If margin > 1.0, decomposes an input spectrogram S = H + P + R where R contains residual components not included in H or P.

This implementation is based upon the algorithm described by [1] and [2].

1: Fitzgerald, Derry. “Harmonic/percussive separation using median filtering.” 13th International Conference on Digital Audio Effects (DAFX10), Graz, Austria, 2010.
2(1,2): Driedger, Müller, Disch. “Extending harmonic-percussive separation of audio.” 15th International Society for Music Information Retrieval Conference (ISMIR 2014), Taipei, Taiwan, 2014.

Parameters

Snp.ndarray [shape=(d, n)]

input spectrogram. May be real (magnitude) or complex.

kernel_sizeint or tuple (kernel_harmonic, kernel_percussive)

kernel size(s) for the median filters.

If scalar, the same size is used for both harmonic and percussive.
If tuple, the first value specifies the width of the harmonic filter, and the second value specifies the width of the percussive filter.

powerfloat > 0 [scalar]

Exponent for the Wiener filter when constructing soft mask matrices.

maskbool

Return the masking matrices instead of components.

Masking matrices contain non-negative real values that can be used to measure the assignment of energy from S into harmonic or percussive components.

Components can be recovered by multiplying S * mask_H or S * mask_P.

marginfloat or tuple (margin_harmonic, margin_percussive)

margin size(s) for the masks (as described in [2])

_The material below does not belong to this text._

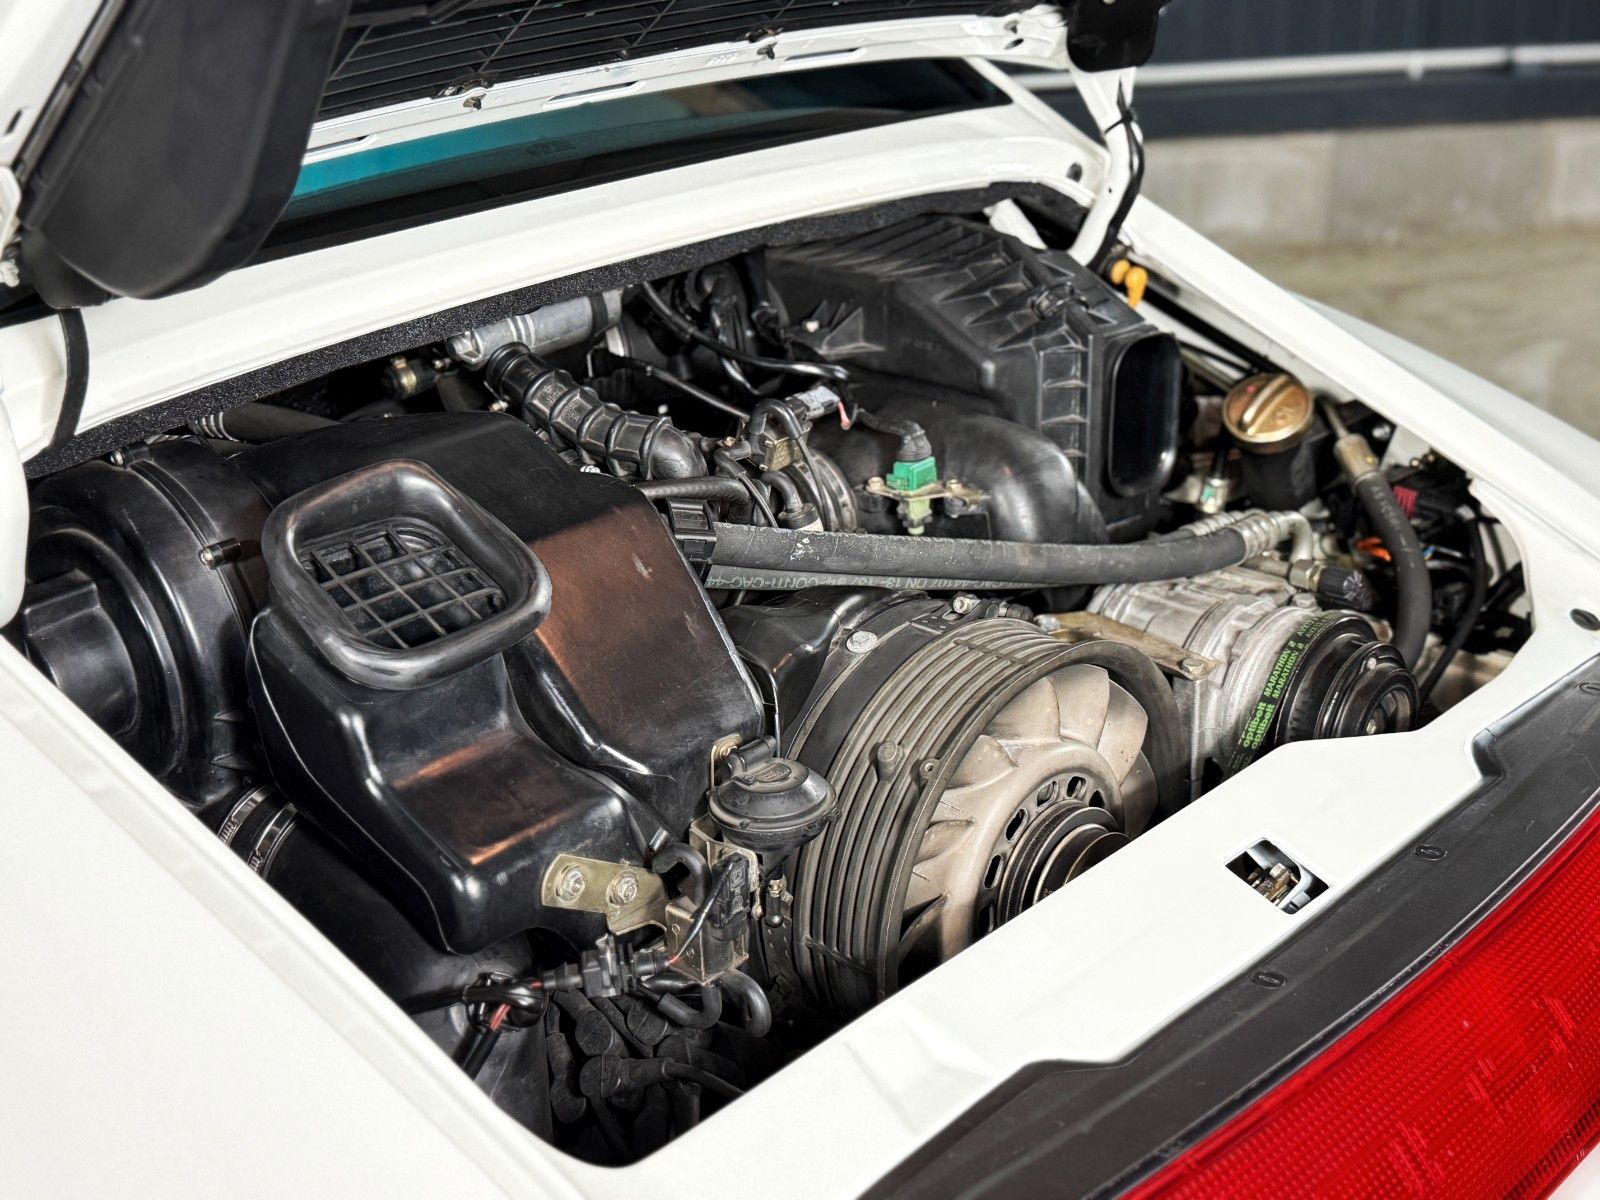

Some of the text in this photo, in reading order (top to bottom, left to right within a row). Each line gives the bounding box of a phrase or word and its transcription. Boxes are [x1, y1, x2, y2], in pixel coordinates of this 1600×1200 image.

[1243, 702, 1266, 747] optibelt
[1264, 648, 1291, 697] MARATHON
[1251, 704, 1275, 749] optibelt
[1272, 650, 1299, 699] MARATHON

If scalar, the same size is used for both harmonic and percussive.
If tuple, the first value specifies the margin of the harmonic mask, and the second value specifies the margin of the percussive mask.

Returns

harmonicnp.ndarray [shape=(d, n)]: harmonic component (or mask)
percussivenp.ndarray [shape=(d, n)]: percussive component (or mask)

See also

util.softmask

Notes

This function caches at level 30.

Examples

Separate into harmonic and percussive

>>> y, sr = librosa.load(librosa.util.example_audio_file(), duration=15)
>>> D = librosa.stft(y)
>>> H, P = librosa.decompose.hpss(D)

>>> import matplotlib.pyplot as plt
>>> plt.figure()
>>> plt.subplot(3, 1, 1)
>>> librosa.display.specshow(librosa.amplitude_to_db(np.abs(D),
...                                                  ref=np.max),
...                          y_axis='log')
>>> plt.colorbar(format='%+2.0f dB')
>>> plt.title('Full power spectrogram')
>>> plt.subplot(3, 1, 2)
>>> librosa.display.specshow(librosa.amplitude_to_db(np.abs(H),
...                                                  ref=np.max),
...                          y_axis='log')
>>> plt.colorbar(format='%+2.0f dB')
>>> plt.title('Harmonic power spectrogram')
>>> plt.subplot(3, 1, 3)
>>> librosa.display.specshow(librosa.amplitude_to_db(np.abs(P),
...                                                  ref=np.max),
...                          y_axis='log')
>>> plt.colorbar(format='%+2.0f dB')
>>> plt.title('Percussive power spectrogram')
>>> plt.tight_layout()
>>> plt.show()

../_images/librosa-decompose-hpss-1_00_00.png

Or with a narrower horizontal filter

>>> H, P = librosa.decompose.hpss(D, kernel_size=(13, 31))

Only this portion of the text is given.